JERRY LUNDSTROM: Hello, I work for DNS‑OARC and I am going to talk about a tool I wrote called Drool, DNS replay tool. And also disclaimer, this is software‑based replay tool so the numbers are not going to be that sexy that we saw earlier. So, the tool uses PCAPs, reads and parses the DNS from the PCAPs and you can send it to specific target. It started as come cost sponsored project from their innovation fund, they needed a tool to be able to test whatever appliance boxes they buy, see up to standards we have Beta version out, I think it's about a month ago. And I would happily receive feedback if anyone is using it, if it's working or not working, we also have a suggestion within DNS‑OARC to start a repository of PCAPs with interesting information in it, like maybe violations or something else like that. We will see how that goes. So, some of the features are of course trying to utilise all the resources you have, it can manipulate the timings between packets so you can speed up and slow down or just ignore the timing. You can loop the PCAPs and you can say ‑‑ find all the UDP or TCP and replay it however you want. It also implements all the filtering that PCAP has and things like that. So here is a small example, and if you look at the first line, you see there is ‑‑ the 'c' for configure and then it's test configure, so we are ignoring timing, and then we are setting the target to the local host port 53, there is nothing actually answering there, but then you are skipping the replay ‑‑ reply, so it doesn't wait for anything to come back. You send everything you found as UDP and you make three of these pools so you spin up a lot of ‑‑ this was done on my local workstation. So it saw 1.7 million packets and sent almost 1.07 million packets per second.

Future implementations, what we are looking at parsing the responses, matching the packages, getting a lot of statistics around that, like is the replies more or less the same and stuff like that. Of course, increasing the performance and looking at the various kits I saw earlier to actually speed it up even more. More statistics, and I have an idea about the control channel to the daemons so we can build GUI or stuff like that. And massive client IP simulation is something I have been thinking about so you can use the client IP addresses within the PCAPs so you can replay large quantities of normal traffic but this will of course require very specific network set‑up to get the responses back correctly.
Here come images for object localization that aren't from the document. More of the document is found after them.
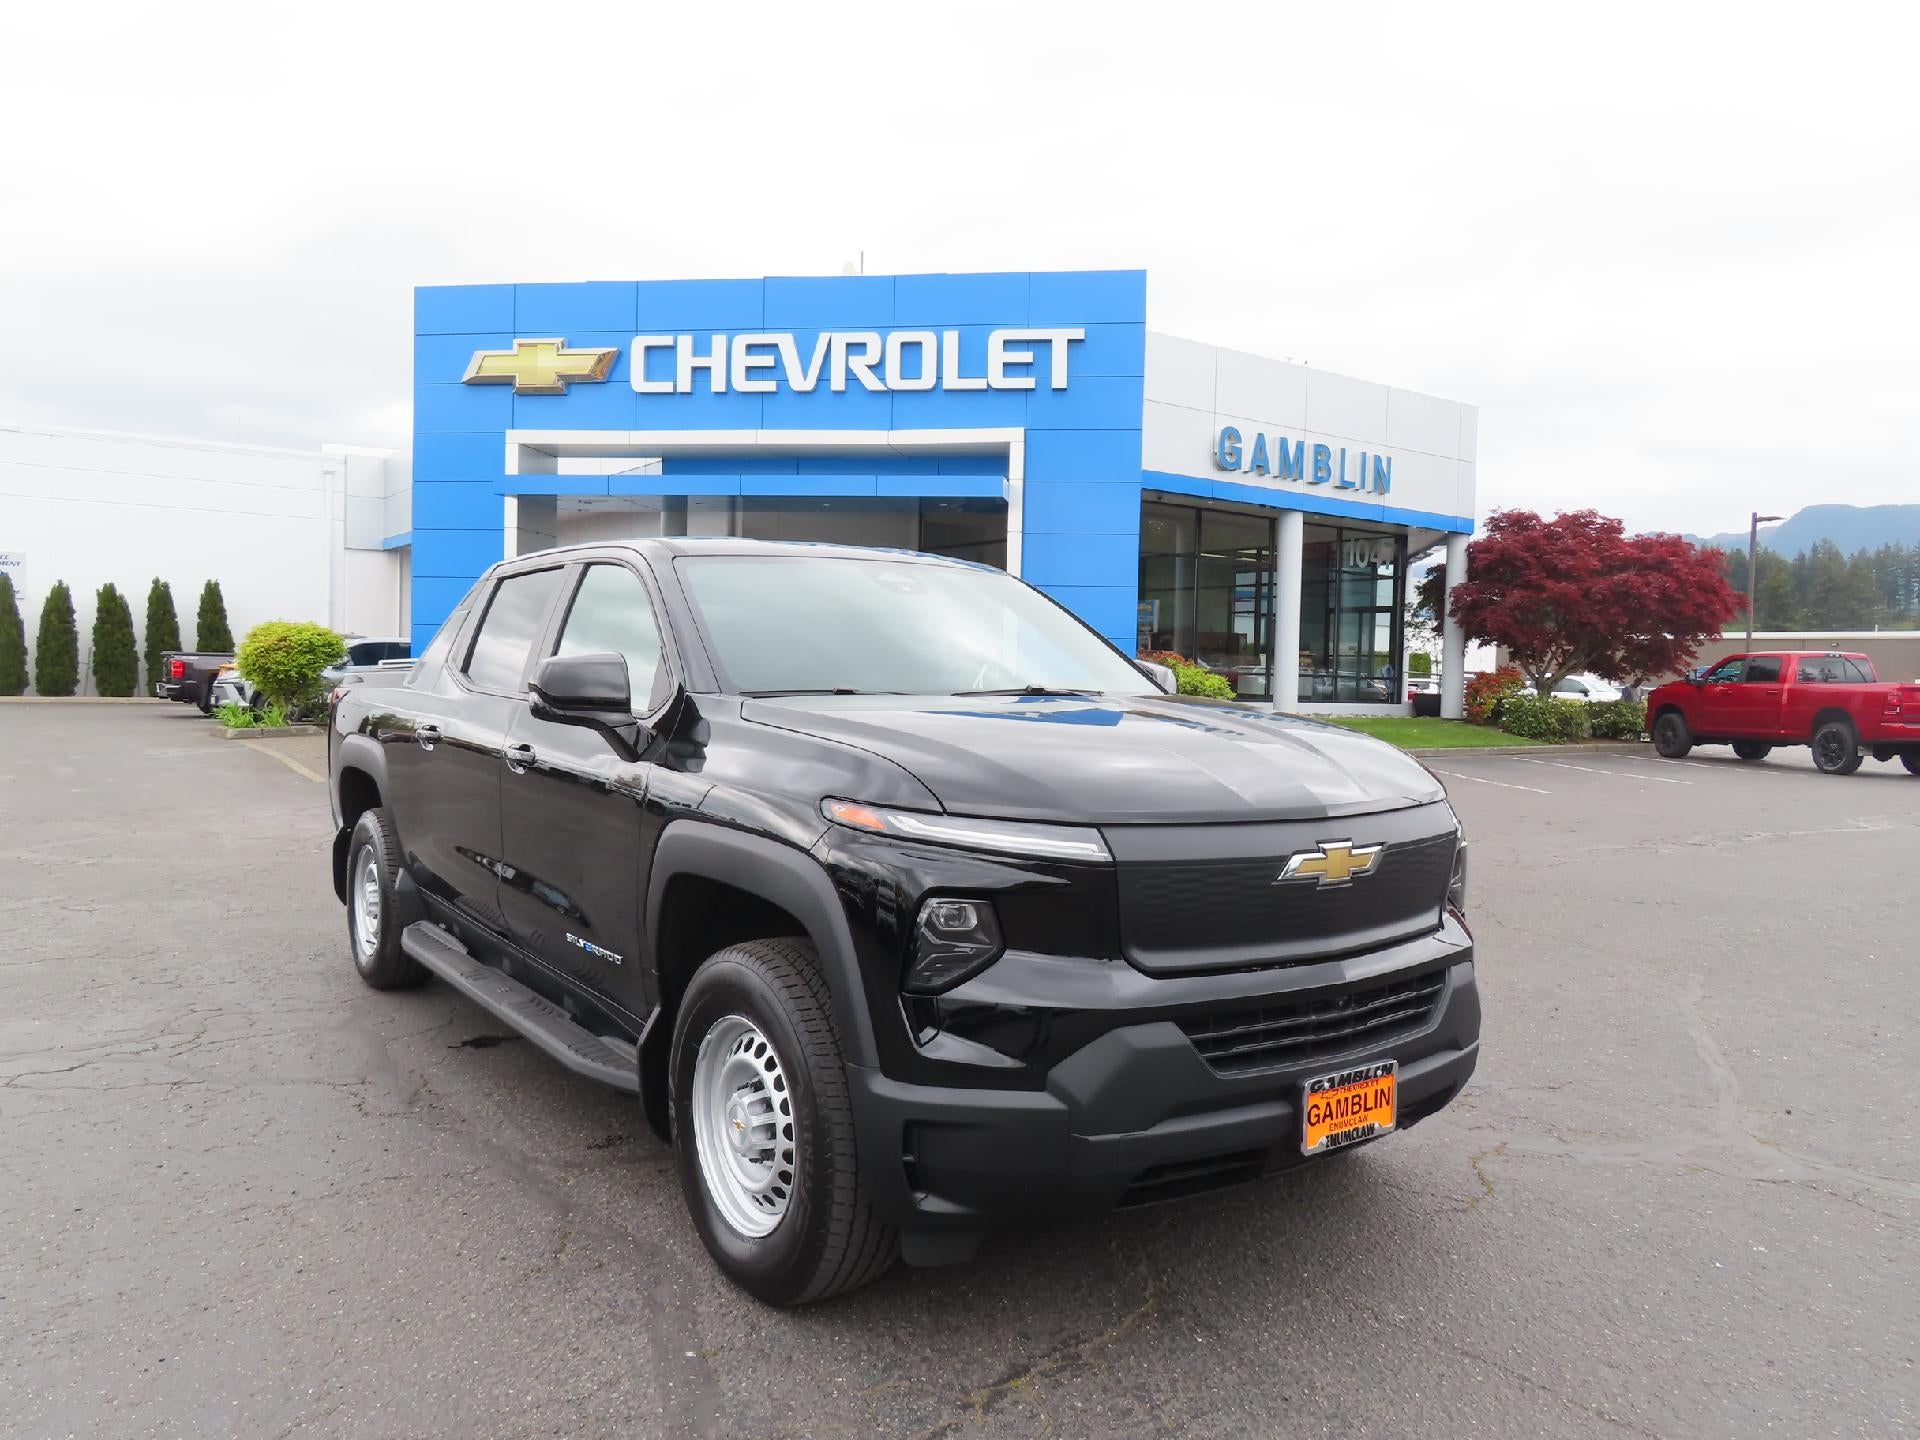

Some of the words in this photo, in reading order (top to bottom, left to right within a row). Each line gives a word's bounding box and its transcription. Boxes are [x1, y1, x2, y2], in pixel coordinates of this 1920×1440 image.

[630, 328, 1086, 393] CHEVROLET
[1215, 426, 1392, 494] GAMBLIN
[565, 932, 624, 965] SILVERADO
[1310, 1062, 1394, 1093] GAMBLIN
[1307, 1086, 1391, 1127] GAMBLIN
[1329, 1114, 1368, 1131] ENUMCLAW
[1325, 1123, 1375, 1148] ENUMCLAW
That is also something we are looking at.

And it's on GitHub. Any questions?

AUDIENCE SPEAKER: Phil RIPE NCC. So this is not really into the question directed at your specific thing but more for the community using tools like this. Sometimes we see people playing with replaying traffic and it can either create insane amounts of loads or it can be insanely confusing, so I was wondering whether in your documentation you can do a prominent note point out to people if they start using this on a packet traces they captured, say some big resolver or something like that, to be extremely careful in how they deploy it and carefully balance what they think they can learn from replaying captures from the damage they are doing to other parties, because if I have to explain to my colleagues like, yes, this must be a replied traffic because there is no way we could have generated have already spent way too much time trying to deal with it.
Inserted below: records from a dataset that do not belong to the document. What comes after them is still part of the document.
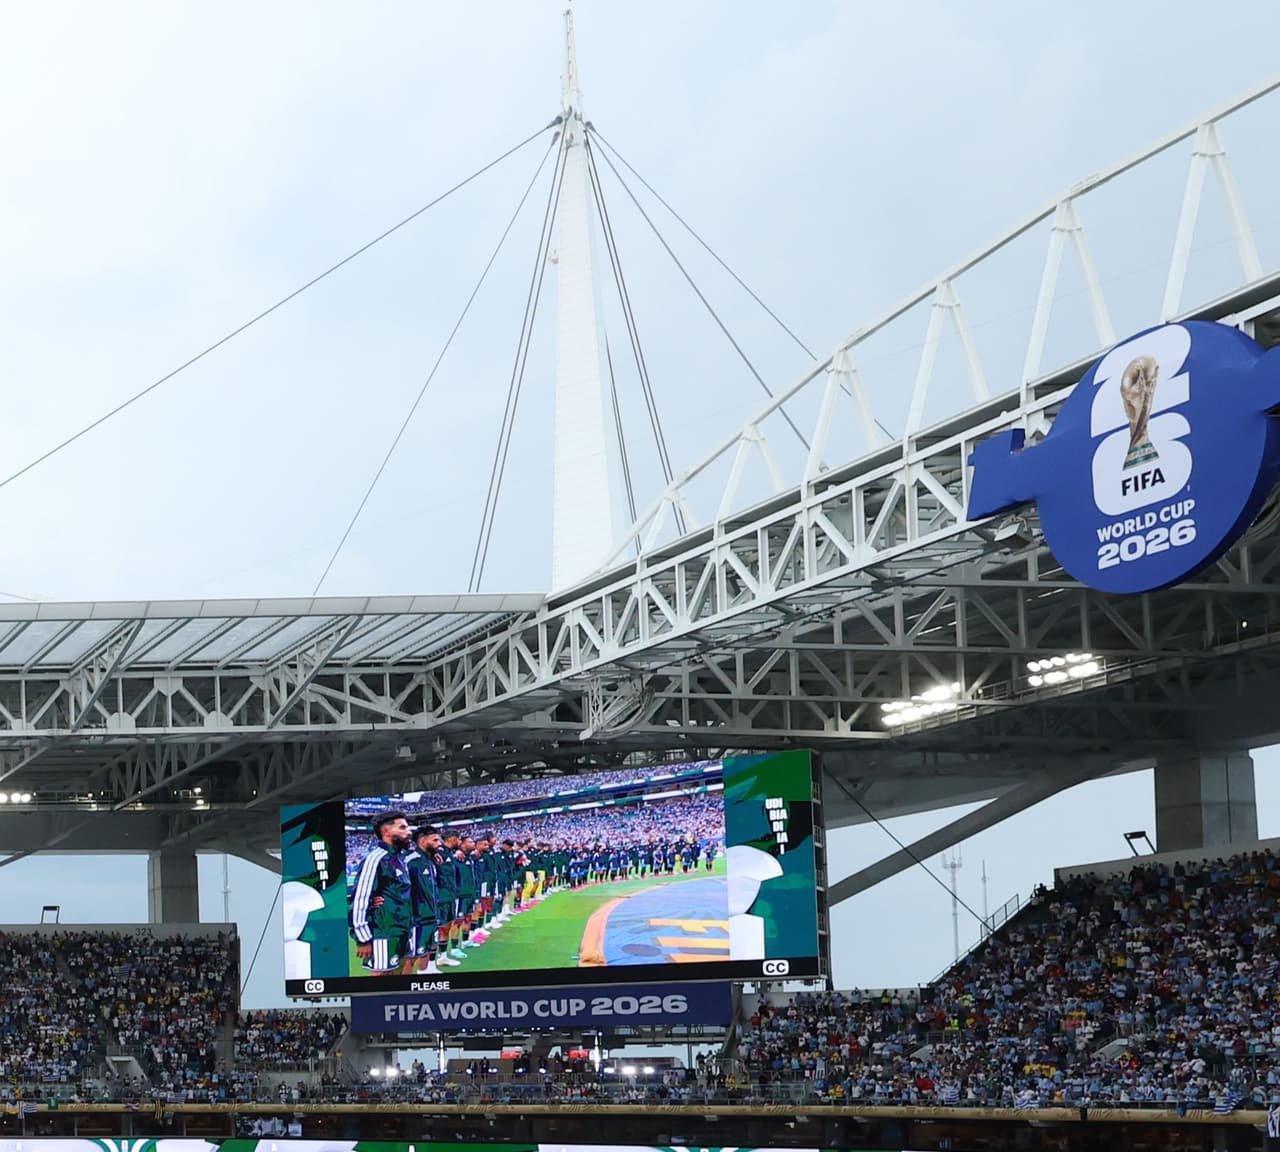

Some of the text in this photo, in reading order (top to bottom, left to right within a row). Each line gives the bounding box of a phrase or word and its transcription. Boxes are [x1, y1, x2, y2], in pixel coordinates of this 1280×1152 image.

[1121, 467, 1165, 496] FIFA
[1096, 498, 1196, 543] WORLD CUP
[1097, 518, 1197, 571] 2026
[765, 961, 787, 974] CC
[306, 981, 322, 991] CC
[411, 981, 450, 991] PLEASE
[383, 994, 688, 1022] FIFA WORLD CUP 2026
JERRY LUNDSTROM: So there is a lot of tools throughout that can be used in harm also so ‑‑

AUDIENCE SPEAKER: I don't see it as don't do it but include the education to the people who use it, that at least they are aware of the damage they are doing and not think okay this is a cool nifty tool I am going to try it out and leave others with the damage.

JERRY LUNDSTROM: Hopefully the people with the right, with the really big network capacity doesn't do that for fun.

AUDIENCE SPEAKER: Well, I don't know. What we have seen, there has been people had apparently access to big networks so I don't know if they did it for fun or not.

SHANE KERR: Dash dash Dos RIPE option ‑‑ Shane Kerr oracle. This is cool. I have a question about the behaviour of the tool if it is unable to replay at the rate that PCAP is recorded at. So trying record it with the same intervals, that is an option, right?

JERRY LUNDSTROM: Yes.

SHANE KERR: If you fall behind is it hurry up and try to catch up or does it skip behind a little bit?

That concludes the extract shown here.